**About this task**
Reproduce the data below exactly as written. Pictures do not belong in the copy.

**Records supplied**

=====

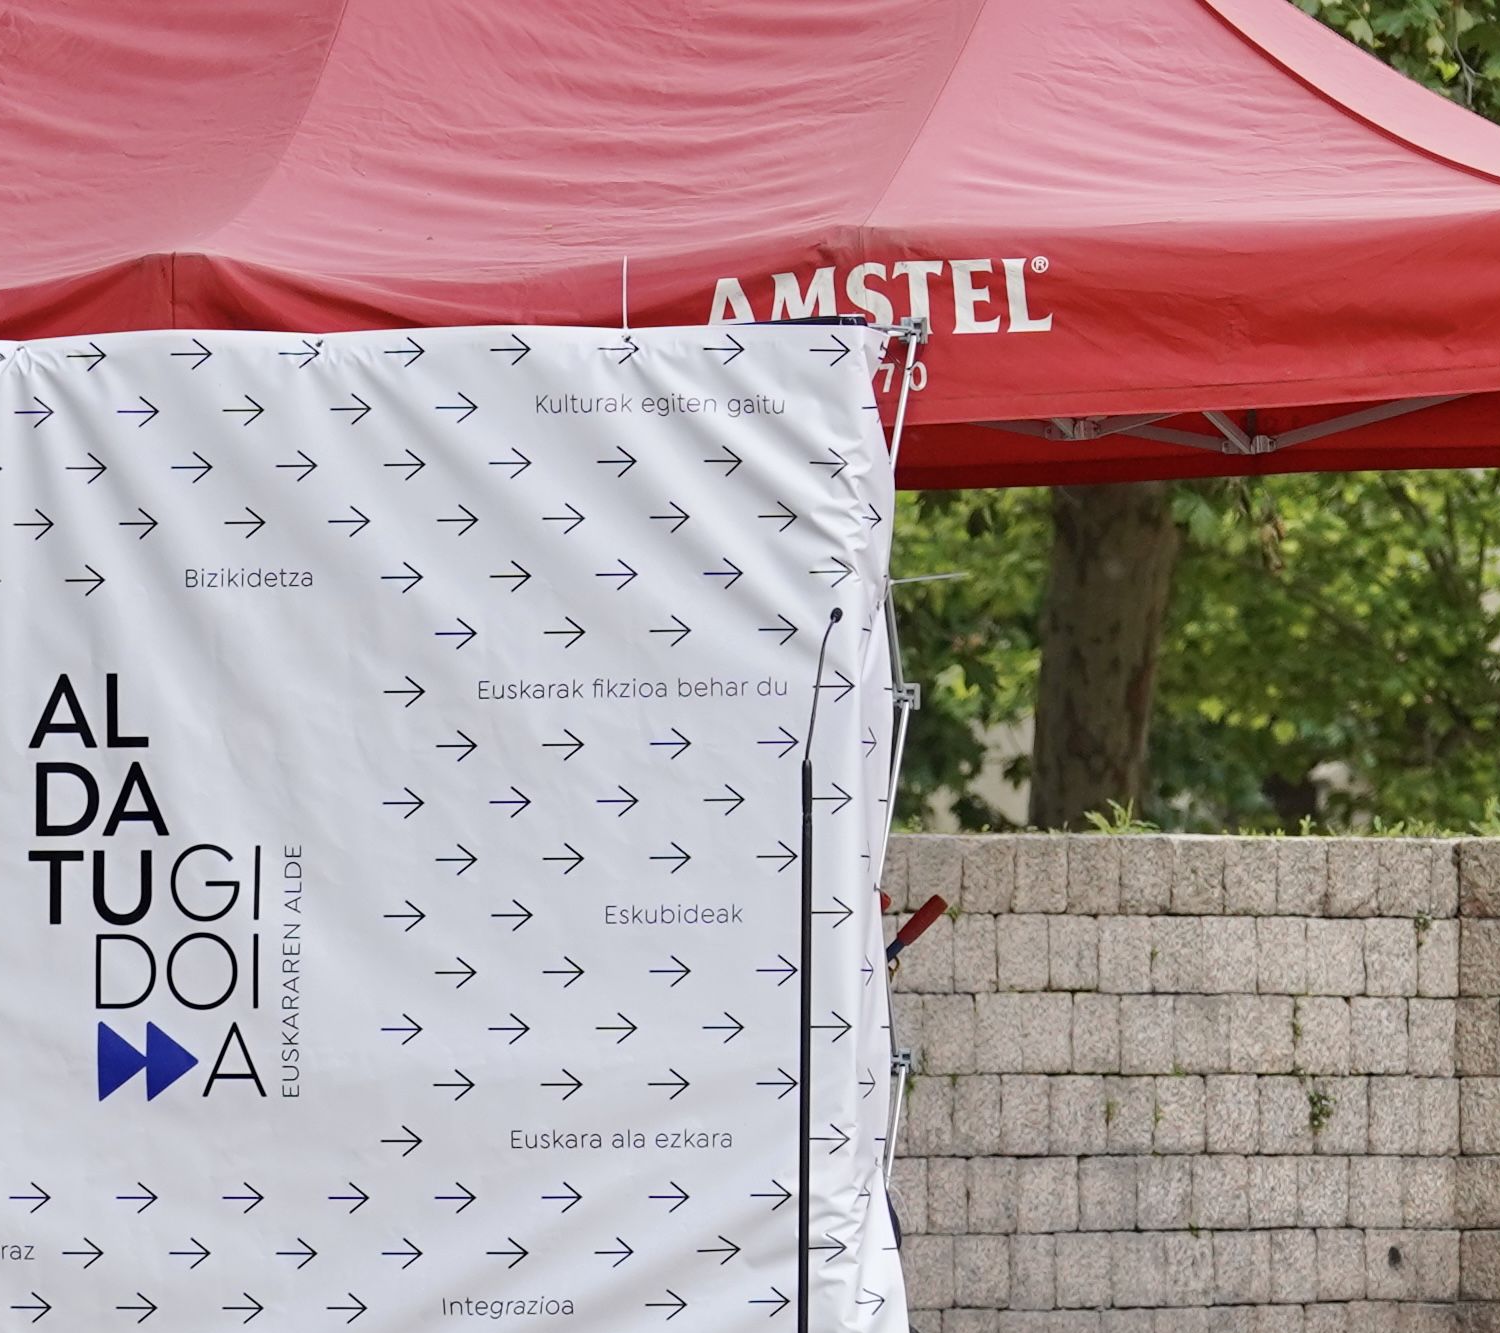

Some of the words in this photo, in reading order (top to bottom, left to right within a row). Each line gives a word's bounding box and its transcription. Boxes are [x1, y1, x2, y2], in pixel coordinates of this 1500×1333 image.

[535, 393, 633, 415] Kulturak
[641, 393, 717, 418] egiten
[727, 393, 786, 418] gaitu
[185, 567, 314, 589] Bizikidetza
[28, 673, 149, 748] AL
[478, 679, 585, 700] Euskarak
[591, 678, 668, 699] fikzioa
[677, 677, 750, 698] behar
[756, 676, 788, 697] du
[35, 761, 170, 837] DA
[283, 845, 303, 914] ALDE
[605, 904, 743, 925] Eskubideak
[95, 932, 259, 1011] DOI
[281, 923, 302, 1098] EUSKARAREN
[202, 1021, 267, 1098] A
[510, 1128, 603, 1150] Euskara
[611, 1128, 646, 1150] ala
[655, 1128, 733, 1149] ezkara
[442, 1296, 575, 1320] Integrazioa
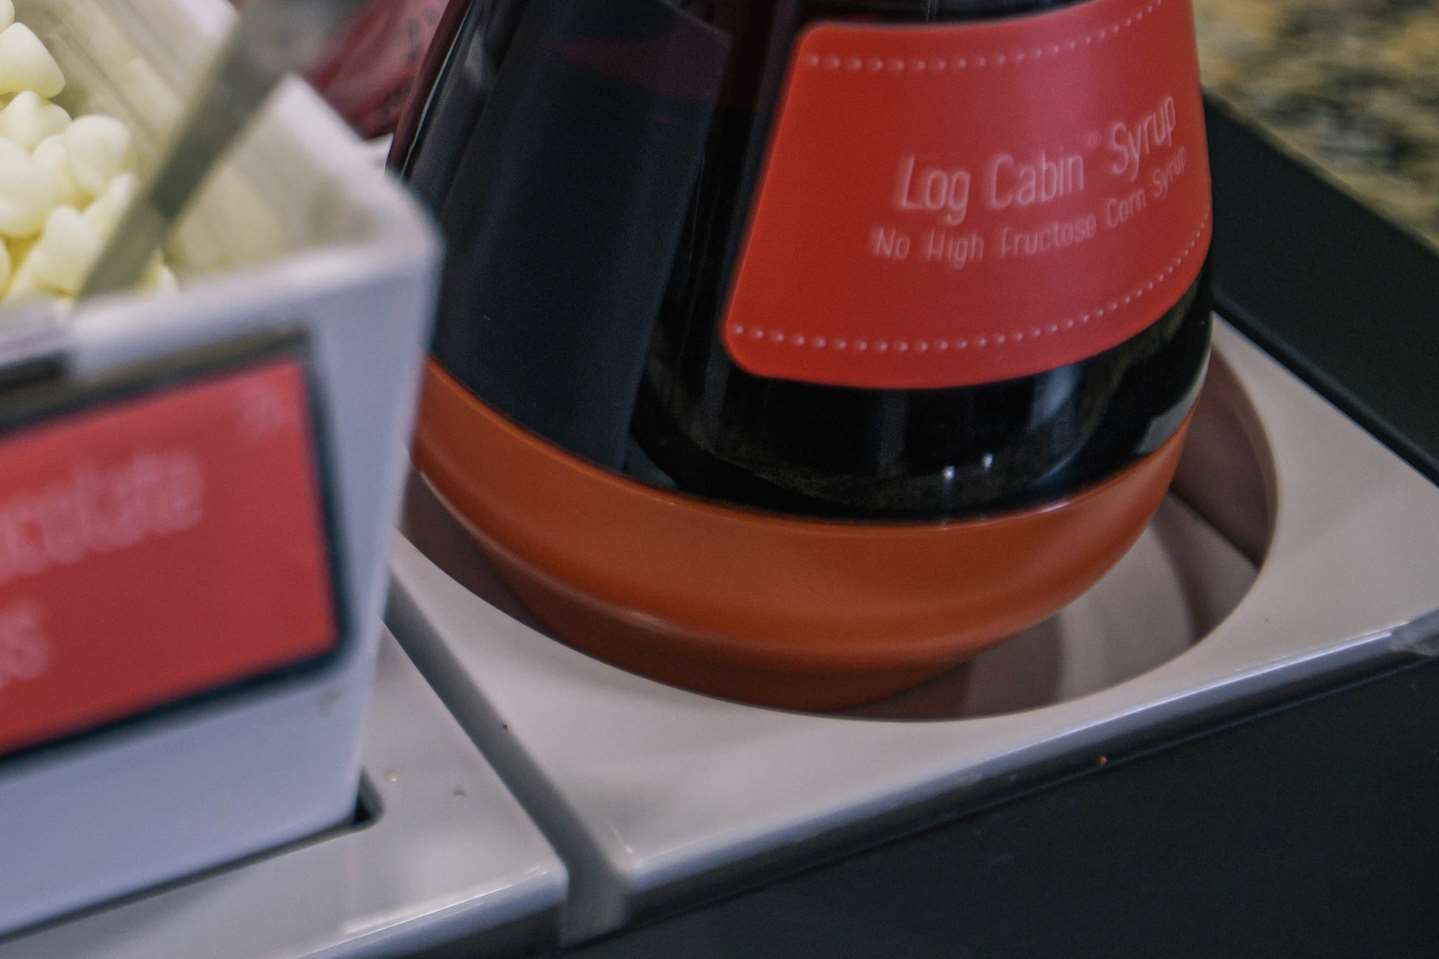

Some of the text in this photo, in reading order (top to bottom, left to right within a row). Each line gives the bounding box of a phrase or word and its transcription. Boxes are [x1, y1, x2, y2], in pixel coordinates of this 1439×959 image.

=====

**Written response**
Some of the words in this photo, in reading order (top to bottom, left to right within a row). Each line gives a word's bounding box and its transcription. Boxes are [x1, y1, x2, y2], in pixel coordinates of this 1500×1333 image.

[535, 393, 633, 415] Kulturak
[641, 393, 717, 418] egiten
[727, 393, 786, 418] gaitu
[185, 567, 314, 589] Bizikidetza
[28, 673, 149, 748] AL
[478, 679, 585, 700] Euskarak
[591, 678, 668, 699] fikzioa
[677, 677, 750, 698] behar
[756, 676, 788, 697] du
[35, 761, 170, 837] DA
[283, 845, 303, 914] ALDE
[605, 904, 743, 925] Eskubideak
[95, 932, 259, 1011] DOI
[281, 923, 302, 1098] EUSKARAREN
[202, 1021, 267, 1098] A
[510, 1128, 603, 1150] Euskara
[611, 1128, 646, 1150] ala
[655, 1128, 733, 1149] ezkara
[442, 1296, 575, 1320] Integrazioa

Some of the text in this photo, in reading order (top to bottom, left to right within a row). Each line gives the bounding box of a phrase or word and its transcription. Boxes are [x1, y1, x2, y2], in pixel coordinates of this 1439×959 image.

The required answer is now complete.